Atherosclerosis of autologous artery coronary artery bypass graft(s) with unstable angina pectoris
ICD-10 I25.720 is a billable code used to indicate a diagnosis of atherosclerosis of autologous artery coronary artery bypass graft(s) with unstable angina pectoris.
I25.720 refers to atherosclerosis of autologous artery coronary artery bypass graft(s) with unstable angina pectoris. This condition arises when there is a buildup of plaque in the grafts used during coronary artery bypass surgery, leading to reduced blood flow to the heart muscle. Patients may present with symptoms of unstable angina, characterized by chest pain or discomfort that occurs unpredictably and may worsen over time. The anatomy involved includes the coronary arteries and the bypass grafts, which can be sourced from the patient's own arteries or veins. Disease progression can lead to significant cardiovascular events, including myocardial infarction, if left untreated. Diagnostic considerations include a thorough patient history, physical examination, and imaging studies such as angiography to assess graft patency and the extent of atherosclerosis. The management of this condition often involves a combination of lifestyle modifications, pharmacotherapy, and possibly re-intervention to restore adequate blood flow.

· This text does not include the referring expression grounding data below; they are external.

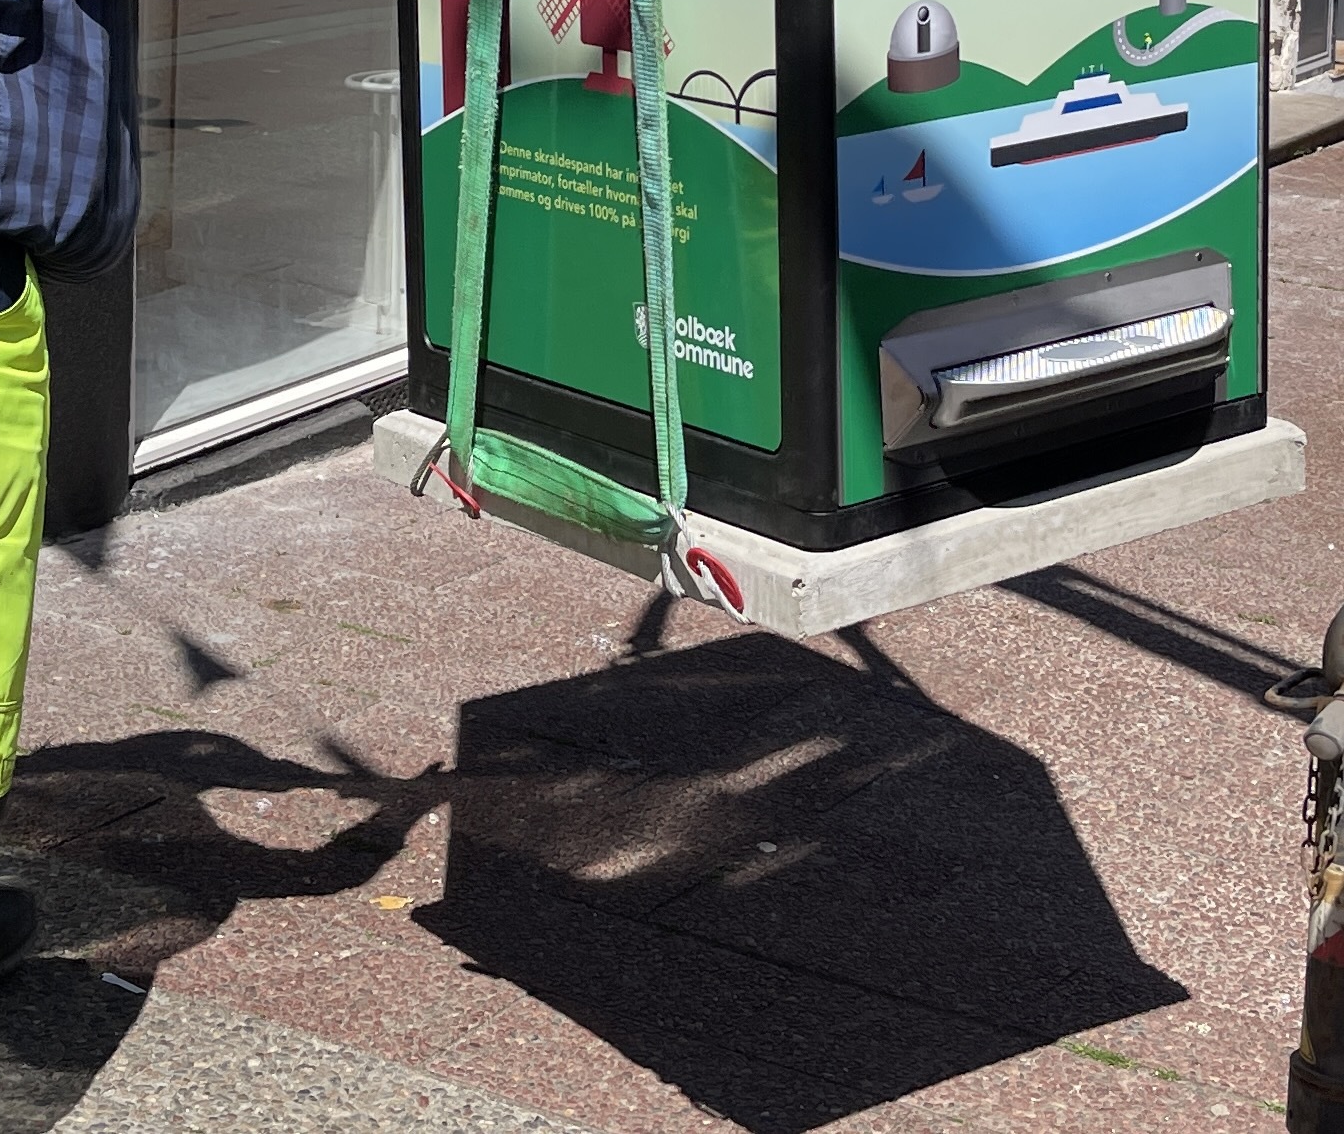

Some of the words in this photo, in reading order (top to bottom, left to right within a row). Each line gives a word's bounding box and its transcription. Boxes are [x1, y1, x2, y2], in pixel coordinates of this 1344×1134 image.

[499, 140, 532, 162] Denne
[534, 147, 603, 178] skraldespand
[605, 163, 630, 184] har
[496, 164, 555, 189] mprimator,
[557, 175, 603, 199] fortæller
[606, 184, 641, 206] hvorn
[675, 201, 698, 220] skal
[497, 185, 535, 204] ømmes
[537, 193, 552, 212] og
[554, 192, 586, 216] drives
[588, 201, 619, 224] 100%
[621, 210, 636, 229] på
[674, 314, 736, 352] olbæk
[673, 339, 754, 379] ommune
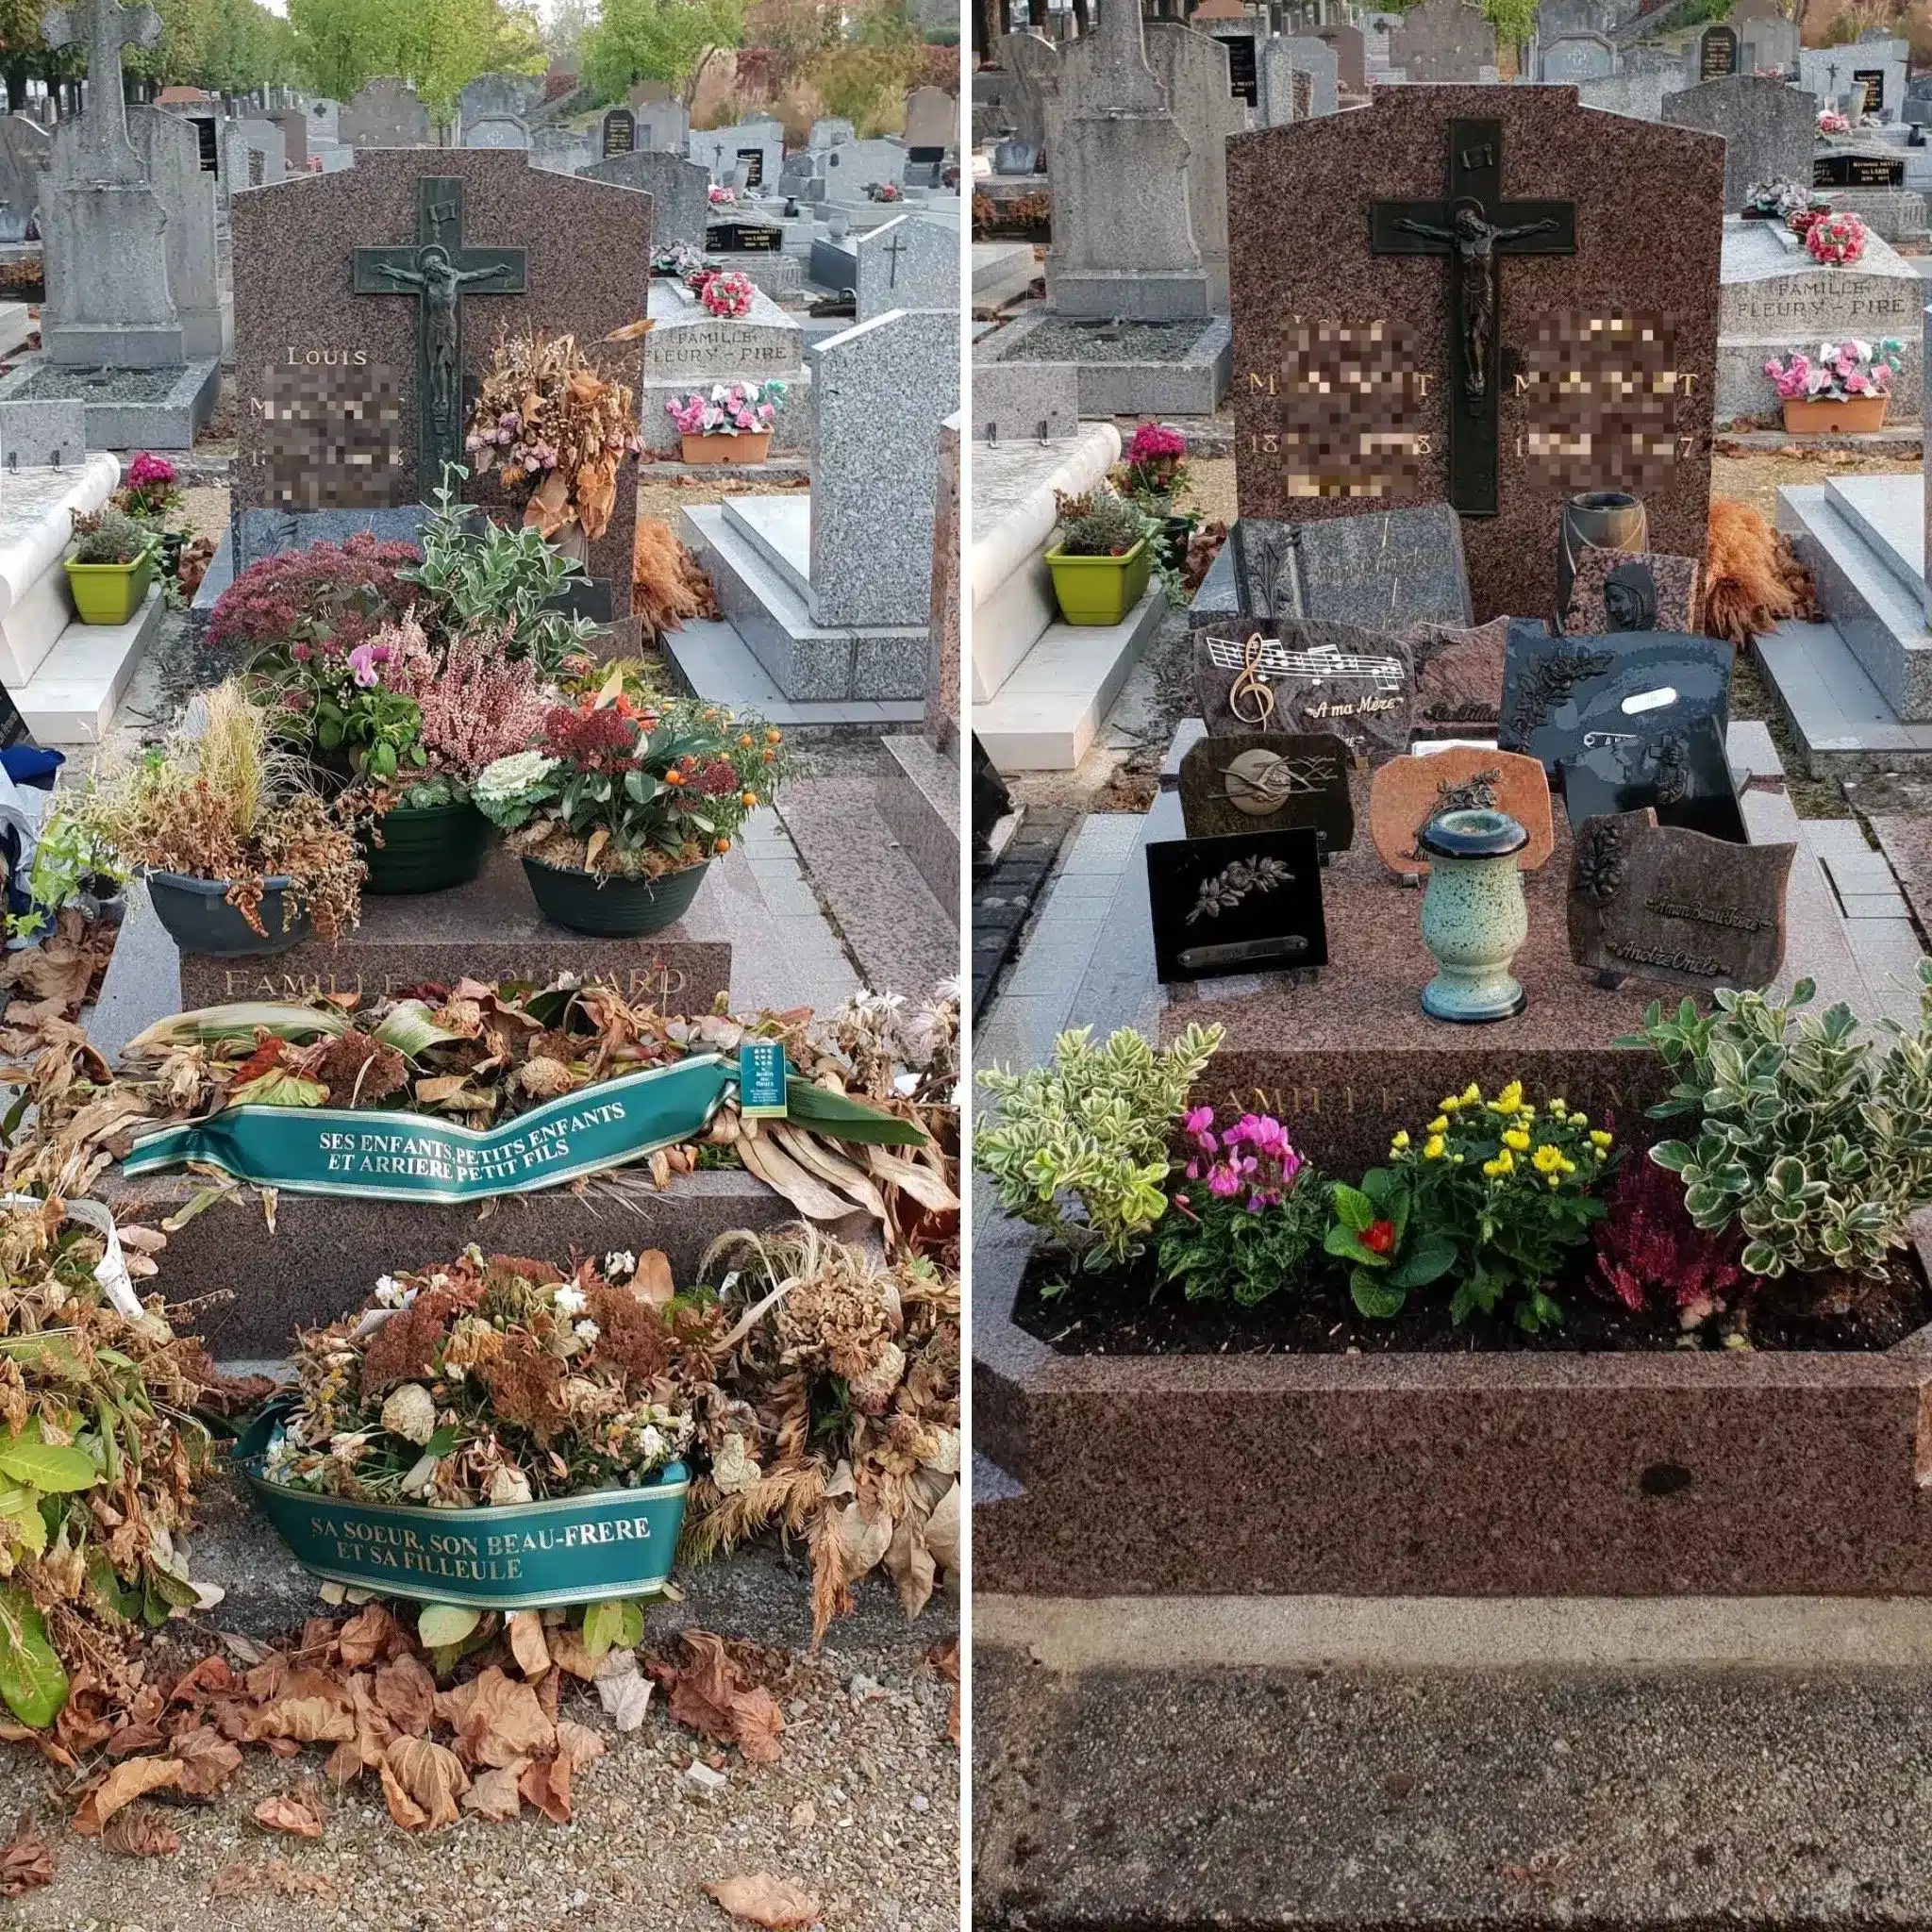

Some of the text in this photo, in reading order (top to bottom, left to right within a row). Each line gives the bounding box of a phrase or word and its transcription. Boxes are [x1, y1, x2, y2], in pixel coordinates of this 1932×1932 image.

[1851, 299, 1905, 315] PIRE
[741, 346, 787, 361] PIRE
[1331, 704, 1353, 717] ma
[319, 1132, 355, 1150] SES
[528, 1101, 626, 1148] ENFANTS
[327, 1139, 570, 1182] ET ARRIERE PETIT FILS
[310, 1517, 338, 1539] SA
[429, 1533, 478, 1557] SON
[487, 1517, 651, 1557] BEAU-FRERE
[337, 1541, 524, 1580] ET SA FILLEULE

Standard ICD-10-CM documentation requirements apply
Various clinical presentations within this specialty area
Follow specialty-specific billing guidelines
Standard ICD-10-CM documentation requirements apply
Various clinical presentations within this specialty area
Follow specialty-specific billing guidelines
I25.720 covers atherosclerosis affecting autologous artery grafts used in coronary artery bypass surgery, specifically when the patient experiences unstable angina pectoris, which is defined by chest pain that occurs at rest or with minimal exertion.
I25.720 should be used when there is documented evidence of unstable angina in a patient with a history of coronary artery bypass grafting and atherosclerosis affecting those grafts. If the angina is stable or there is no graft involvement, other codes should be considered.
Documentation should include a detailed patient history, clinical findings indicating unstable angina, results from diagnostic tests such as stress tests or angiography, and treatment plans that reflect the management of both the atherosclerosis and the unstable angina.